Task to carry out: An exact copy of all the data, minus the images, is required.

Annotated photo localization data

....

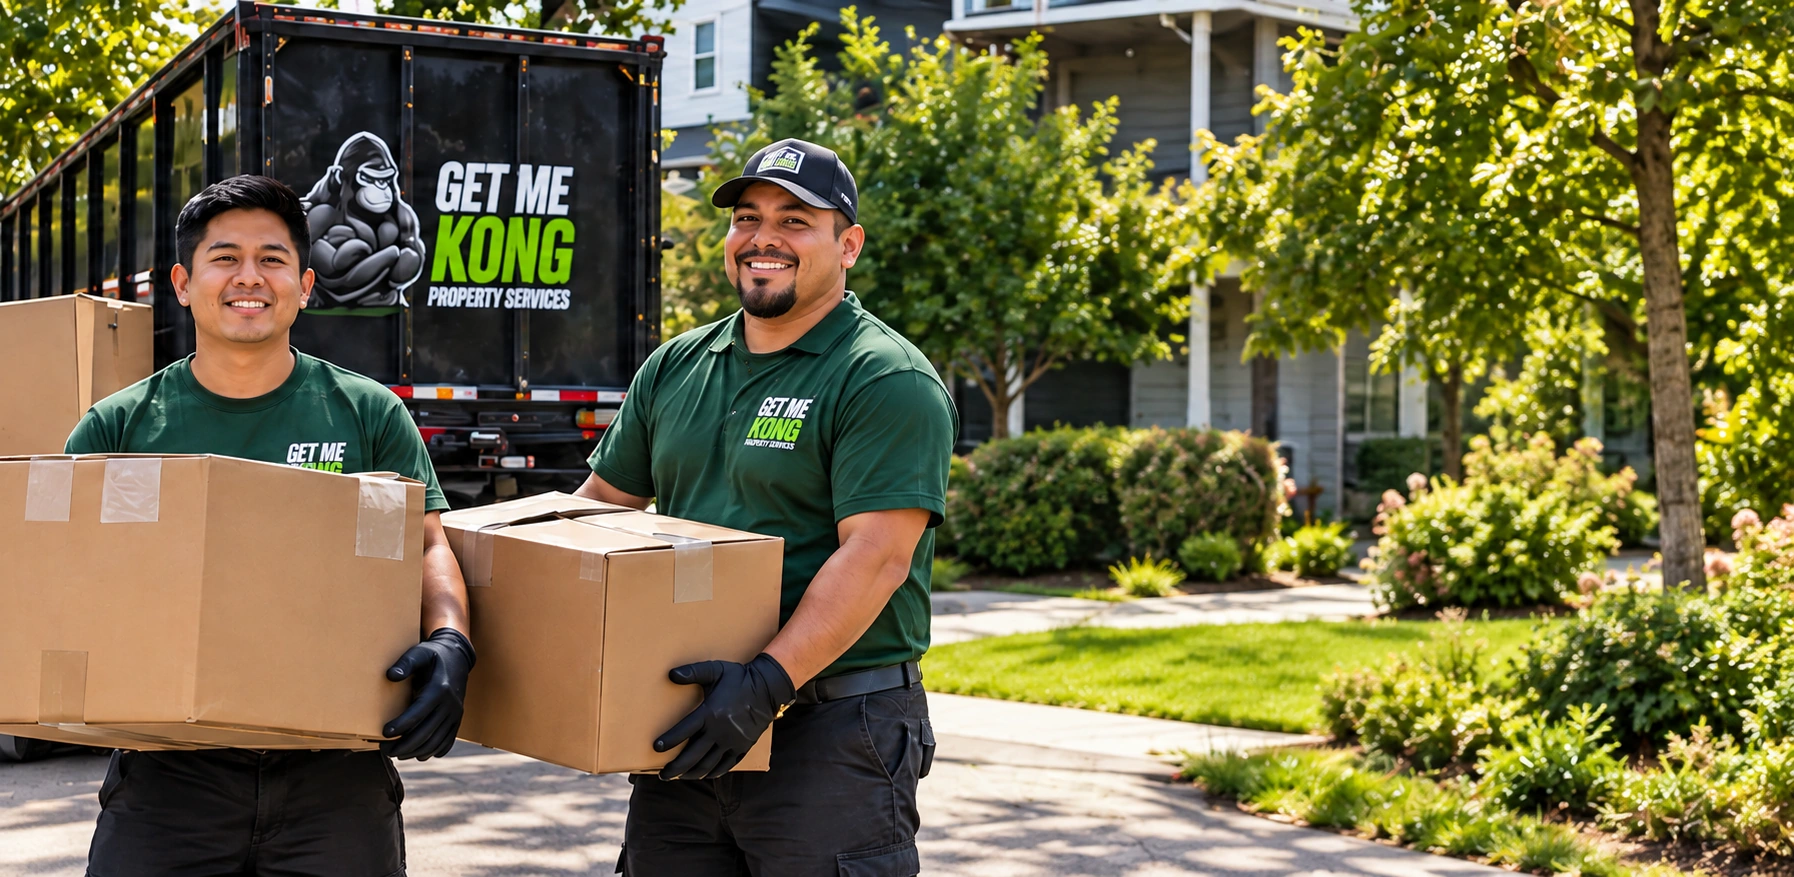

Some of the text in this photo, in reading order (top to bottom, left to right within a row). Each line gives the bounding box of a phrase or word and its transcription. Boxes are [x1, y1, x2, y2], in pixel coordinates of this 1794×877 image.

[435, 161, 574, 215] GET ME
[430, 215, 575, 285] KONG
[427, 286, 571, 310] PROPERTY SERVICES
[757, 396, 813, 419] GET ME
[747, 417, 803, 442] KONG
[286, 442, 347, 463] GET ME
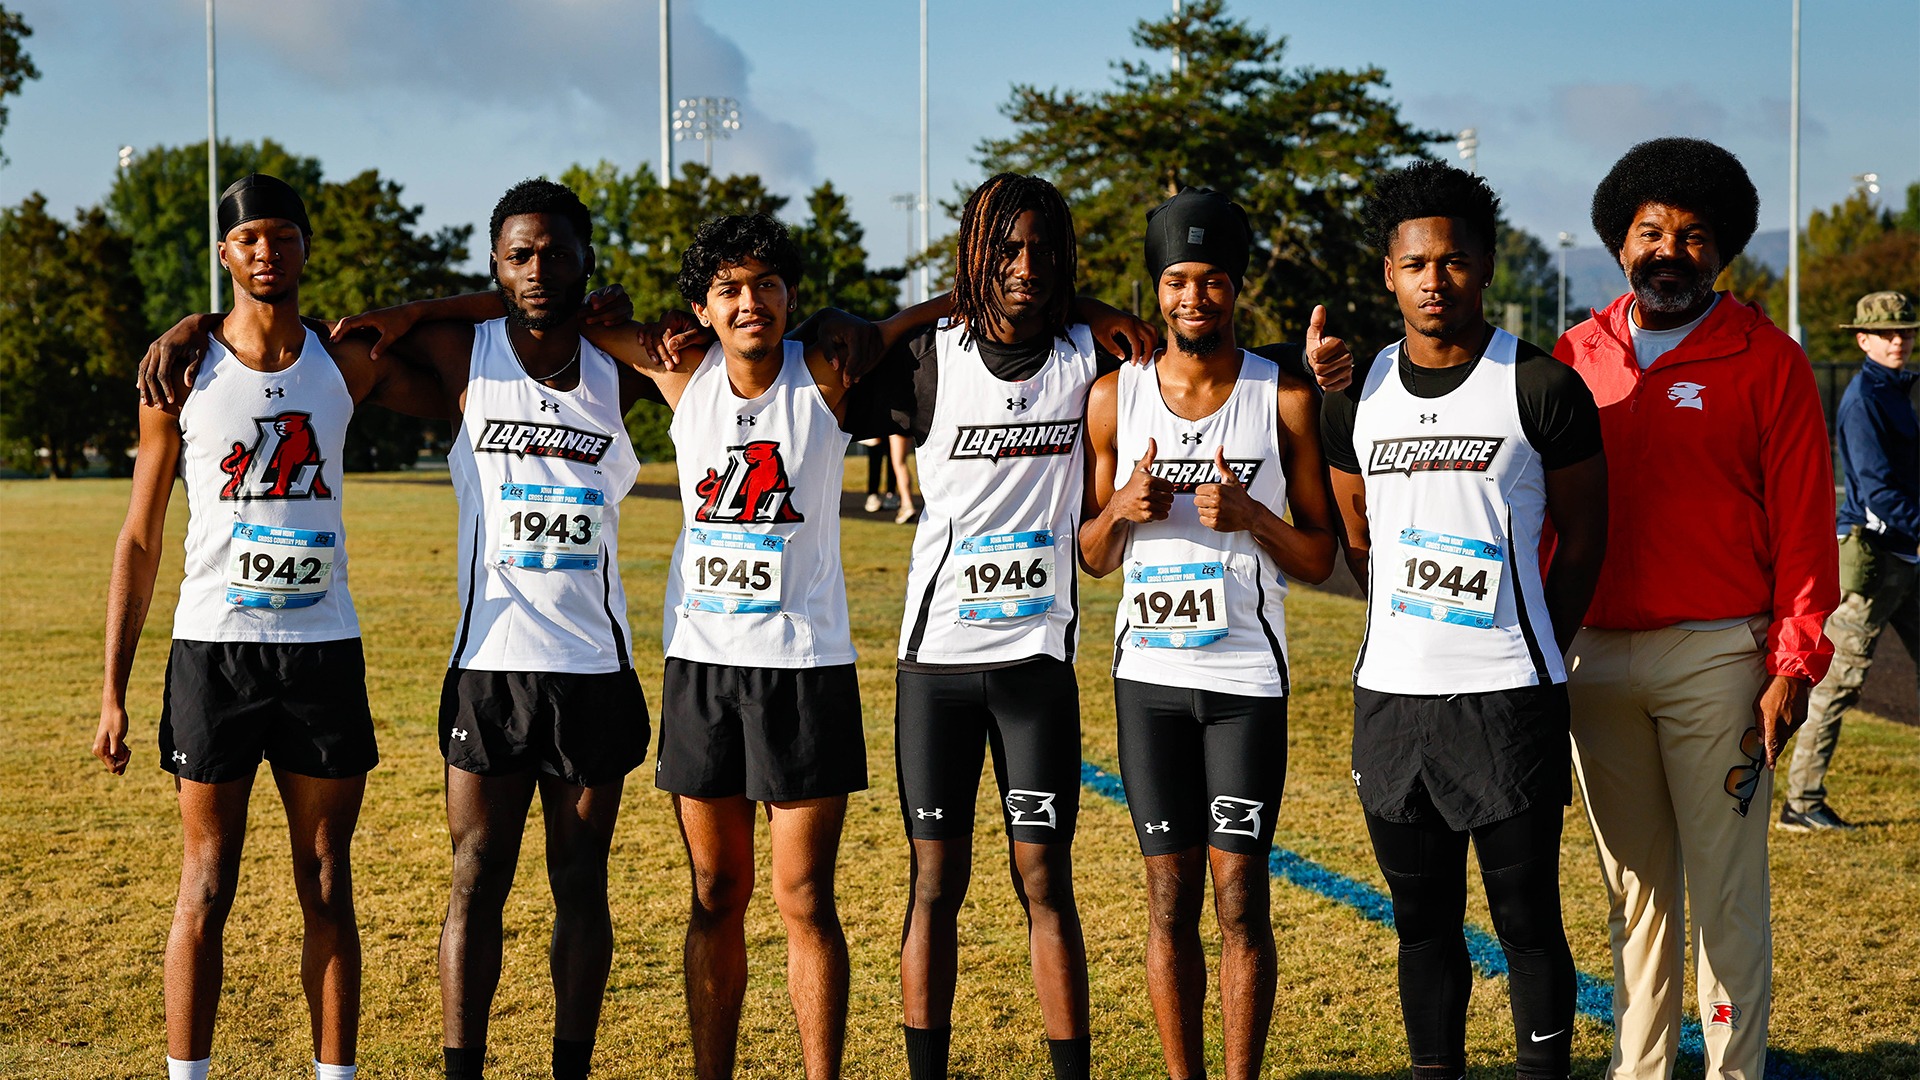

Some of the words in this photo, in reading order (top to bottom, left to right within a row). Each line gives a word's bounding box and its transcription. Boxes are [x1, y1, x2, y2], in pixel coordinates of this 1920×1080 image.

[480, 423, 608, 455] LAGRANGE
[525, 445, 597, 463] COLLEGE
[954, 422, 1079, 457] LAGRANGE
[999, 445, 1069, 457] COLLEGE
[1370, 439, 1498, 472] LAGRANGE
[1412, 461, 1486, 471] COLLEGE
[510, 487, 523, 496] CCS
[510, 511, 591, 545] 1943
[762, 538, 776, 546] CCS
[1483, 546, 1497, 555] CCS
[239, 552, 322, 584] 1942
[696, 556, 771, 591] 1945
[964, 558, 1047, 594] 1946
[1405, 557, 1488, 601] 1944
[1134, 588, 1215, 624] 1941
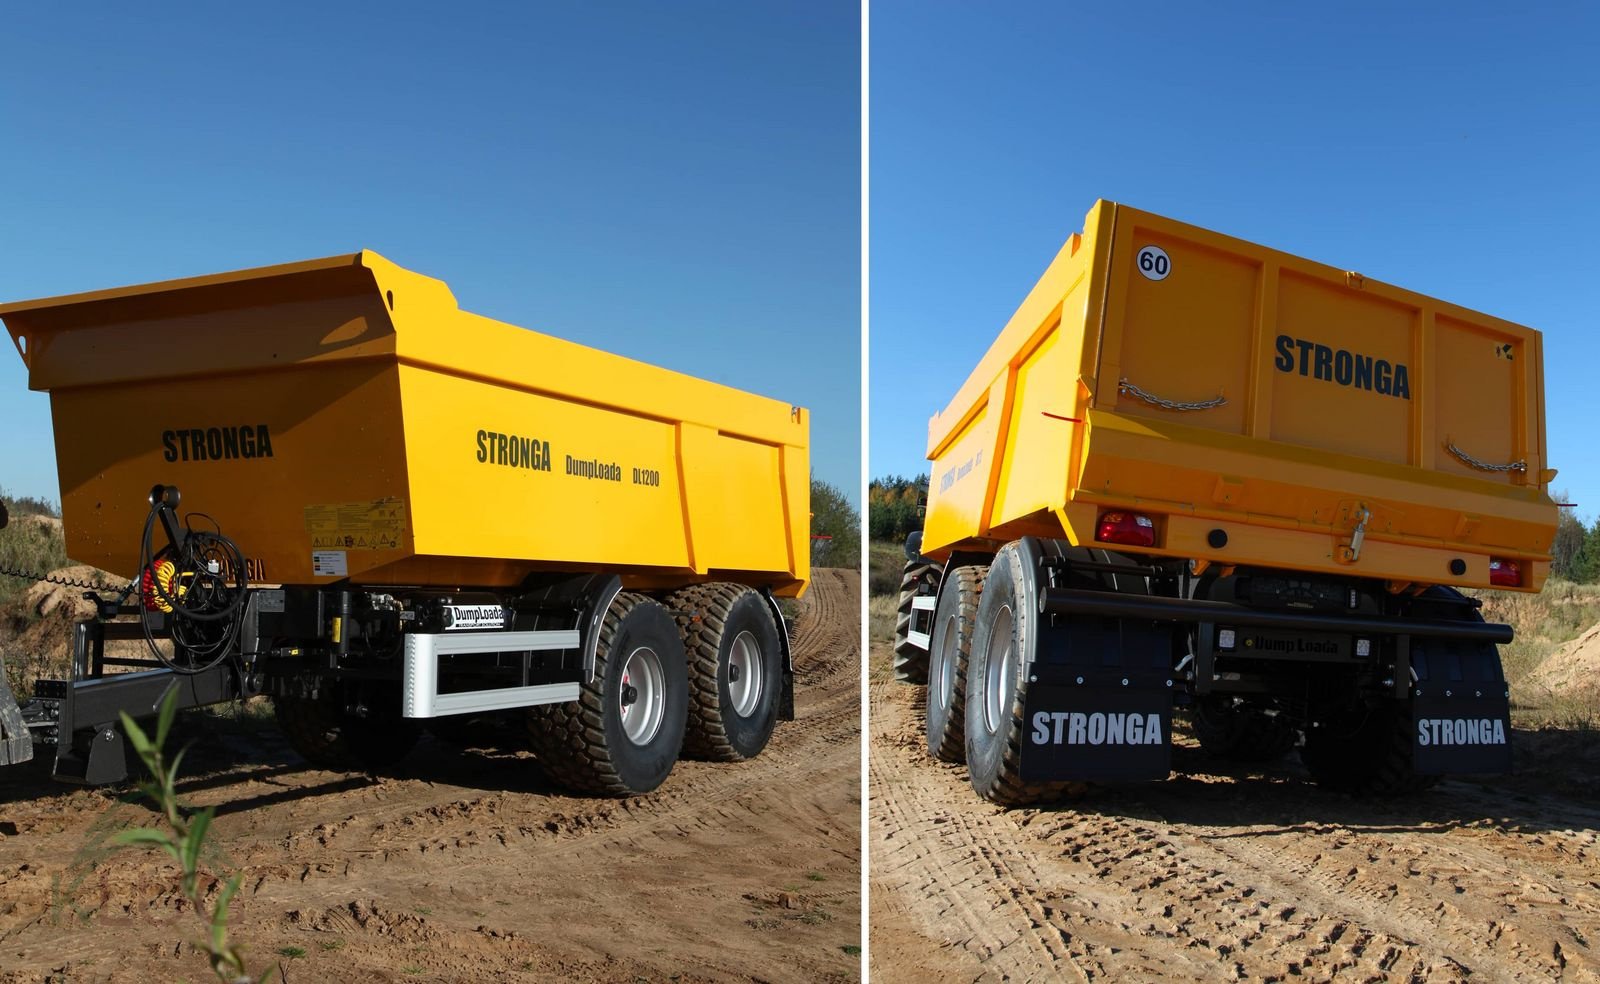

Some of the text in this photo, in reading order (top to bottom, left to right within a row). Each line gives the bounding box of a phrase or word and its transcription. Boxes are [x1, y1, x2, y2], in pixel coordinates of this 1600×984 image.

[1139, 251, 1168, 275] 60
[1275, 335, 1410, 400] STRONGA
[162, 424, 273, 463] STRONGA
[476, 429, 660, 487] STRONGA DumpLoada DL1200
[454, 607, 503, 623] DumpLoada
[1255, 635, 1338, 654] Dump Loada
[1031, 711, 1162, 745] STRONGA
[1418, 718, 1506, 746] STRONGA

....

Output of the task:
Some of the text in this photo, in reading order (top to bottom, left to right within a row). Each line gives the bounding box of a phrase or word and its transcription. Boxes are [x1, y1, x2, y2], in pixel coordinates of this 1794×877 image.

[435, 161, 574, 215] GET ME
[430, 215, 575, 285] KONG
[427, 286, 571, 310] PROPERTY SERVICES
[757, 396, 813, 419] GET ME
[747, 417, 803, 442] KONG
[286, 442, 347, 463] GET ME

Some of the words in this photo, in reading order (top to bottom, left to right within a row). Each line gives a word's bounding box and its transcription. Boxes are [x1, y1, x2, y2], in pixel coordinates of this 1920×1080 image.

[480, 423, 608, 455] LAGRANGE
[525, 445, 597, 463] COLLEGE
[954, 422, 1079, 457] LAGRANGE
[999, 445, 1069, 457] COLLEGE
[1370, 439, 1498, 472] LAGRANGE
[1412, 461, 1486, 471] COLLEGE
[510, 487, 523, 496] CCS
[510, 511, 591, 545] 1943
[762, 538, 776, 546] CCS
[1483, 546, 1497, 555] CCS
[239, 552, 322, 584] 1942
[696, 556, 771, 591] 1945
[964, 558, 1047, 594] 1946
[1405, 557, 1488, 601] 1944
[1134, 588, 1215, 624] 1941

Some of the text in this photo, in reading order (top to bottom, left to right within a row). Each line gives the bounding box of a phrase or word and its transcription. Boxes are [x1, y1, x2, y2], in pixel coordinates of this 1600×984 image.

[1139, 251, 1168, 275] 60
[1275, 335, 1410, 400] STRONGA
[162, 424, 273, 463] STRONGA
[476, 429, 660, 487] STRONGA DumpLoada DL1200
[454, 607, 503, 623] DumpLoada
[1255, 635, 1338, 654] Dump Loada
[1031, 711, 1162, 745] STRONGA
[1418, 718, 1506, 746] STRONGA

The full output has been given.